E é tão significativa essa mudança que ela se dá para além das ideias iluministas, que instintivamente estão enraizadas na estrutura do modo patriarcal. Se dá no modo de operação e não necessariamente num modo de convencimento racional. Se dá em uma forma matrística de incluir e coexistir com o diferente e não criando alfândegas que inibem acesso e participação. Se dá na forma de recriar as formas de colaboração ampliando as possibilidades via tecnologia e produtividade sem cair nas superespecializações e nas linhas de produção. E se dá principalmente em formas de relação e construção de afeto descolados das relações de sentido racional, inclui-se o emocionar nesse processo a ponto dele também fazer parte do modo de vida, ao invés de reprimi-lo.
Por fim, mesmo que Morin não tenha chegado a essas conclusões, ele aponta reflexões (em seu livro A via) que nos afastariam da catástrofe e da autodestruição que essas múltiplas crises que estamos vivenciando:
"Quando um sistema é incapaz de tratar seus problemas vitais, ou ele se degrada, se desintegra, ou se revela capaz de suscitar um metassistema apto a tratar de seus problemas: ele se metamorfoseia."
"O provável é a desintegração. O improvável, mas possível, é a metamorfose."
"A noção de metamorfose é mais rica do que a de evolução. Ela conserva sua radicalidade inovadora, mas conecta-a à conservação (da vida, das culturas, da herança de pensamentos e sabedorias da humanidade)."
"Tudo sempre começa com uma iniciativa, uma inovação, uma nova mensagem de caráter desviante, marginal, com frequência invisível aos contemporâneos."
"Para elaborar as vias (para o futuro)... é necessário que nos libertemos das alternativas: (...) crescimento/decrescimento; desenvolvimento/envolvimento; conservação/transformação; é preciso simultaneamente crescer e decrescer, desenvolver e envolver, conservar e transformar."
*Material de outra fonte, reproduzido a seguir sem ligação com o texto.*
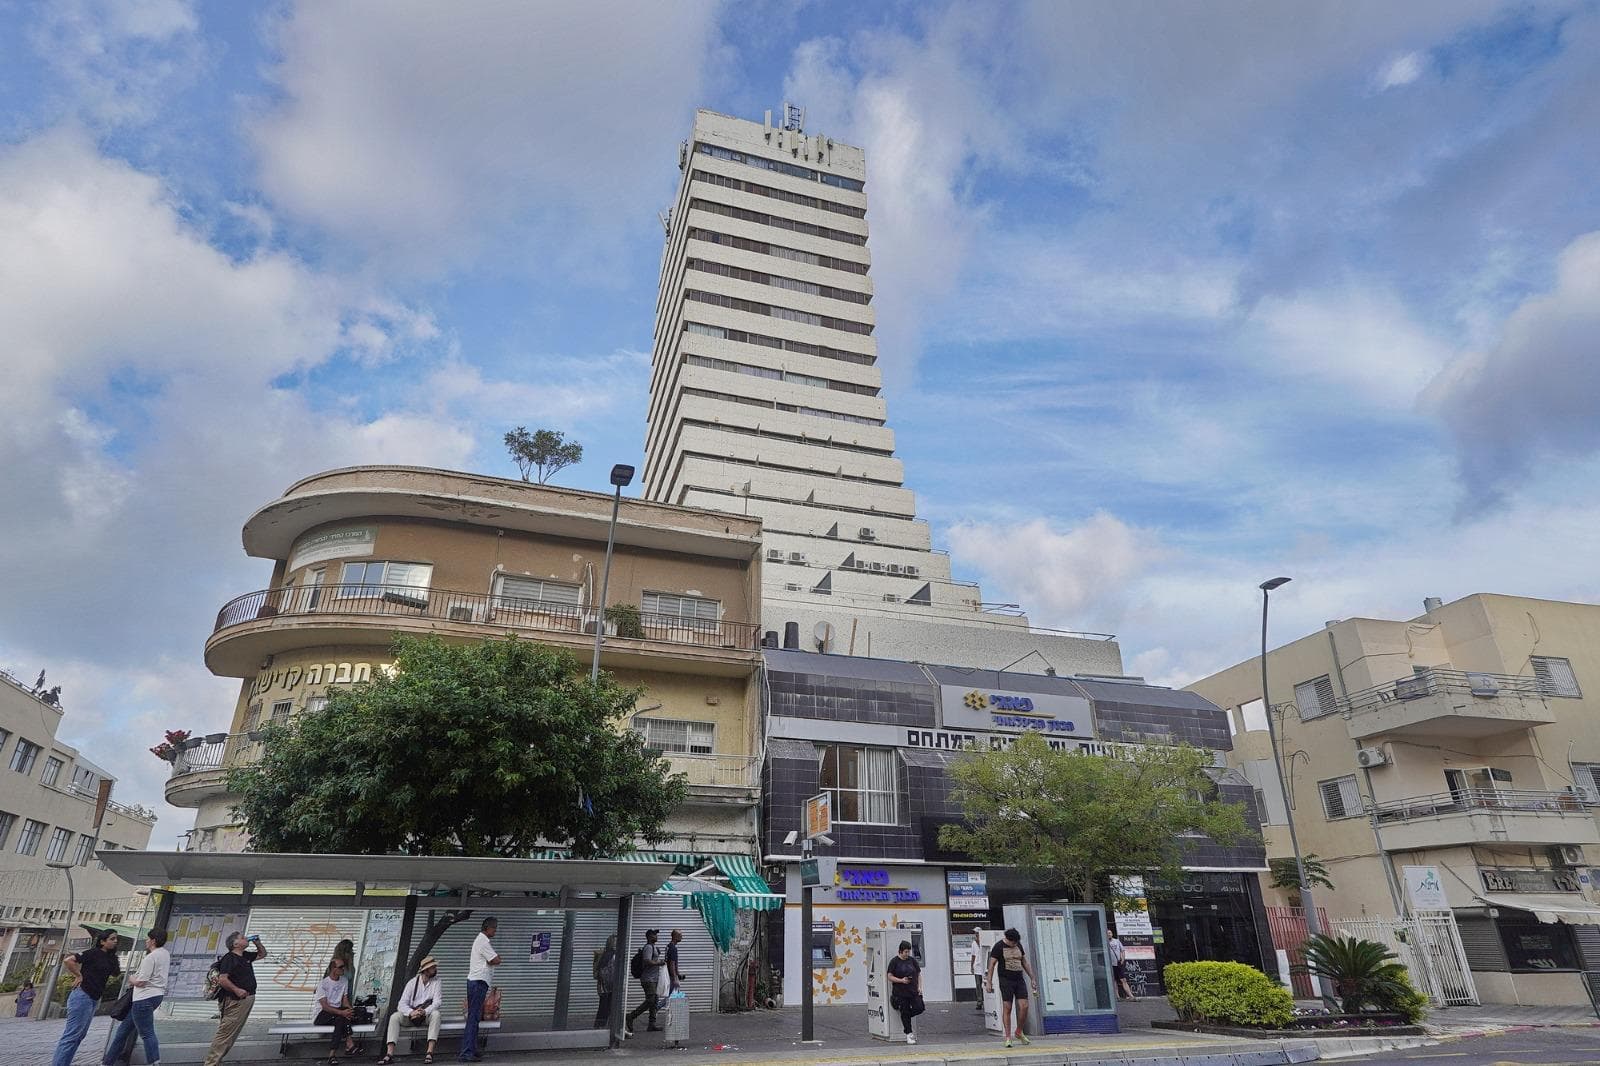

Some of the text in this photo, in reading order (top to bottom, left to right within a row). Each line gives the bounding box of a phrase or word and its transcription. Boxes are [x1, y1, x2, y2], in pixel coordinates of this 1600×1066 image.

[306, 662, 372, 685] חברה
[990, 694, 1034, 712] פאגי
[842, 869, 890, 887] פאגי
[893, 890, 920, 903] הבנק
"Não basta mais denunciar. Doravante precisamos enunciar. Não basta apenas relembrar a urgência. É preciso também saber começar, e começar por definir as vias capazes de conduzir (ao futuro)."
Dobrar a aposta da democracia, não como narrativa, mas como modo de vida. Este seria de fato o processo que potencialmente pode desencadear uma metamorfose. Será que essa aposta conseguirá frear a velocidade frenética e a escalada dos acontecimentos no mundo? Não é possível saber. Mas fazer diferente disso é aumentar essa escalada e nos aproximar da catástrofe. É preciso que redobremos a aposta na democracia. É preciso que a gente restaure as conversas e o processo de colaboração no espaço público. É preciso enfrentar cada situação a partir do ponto de vista da democracia e do modo de viver democrático. É a partir daí que tudo pode recomeçar.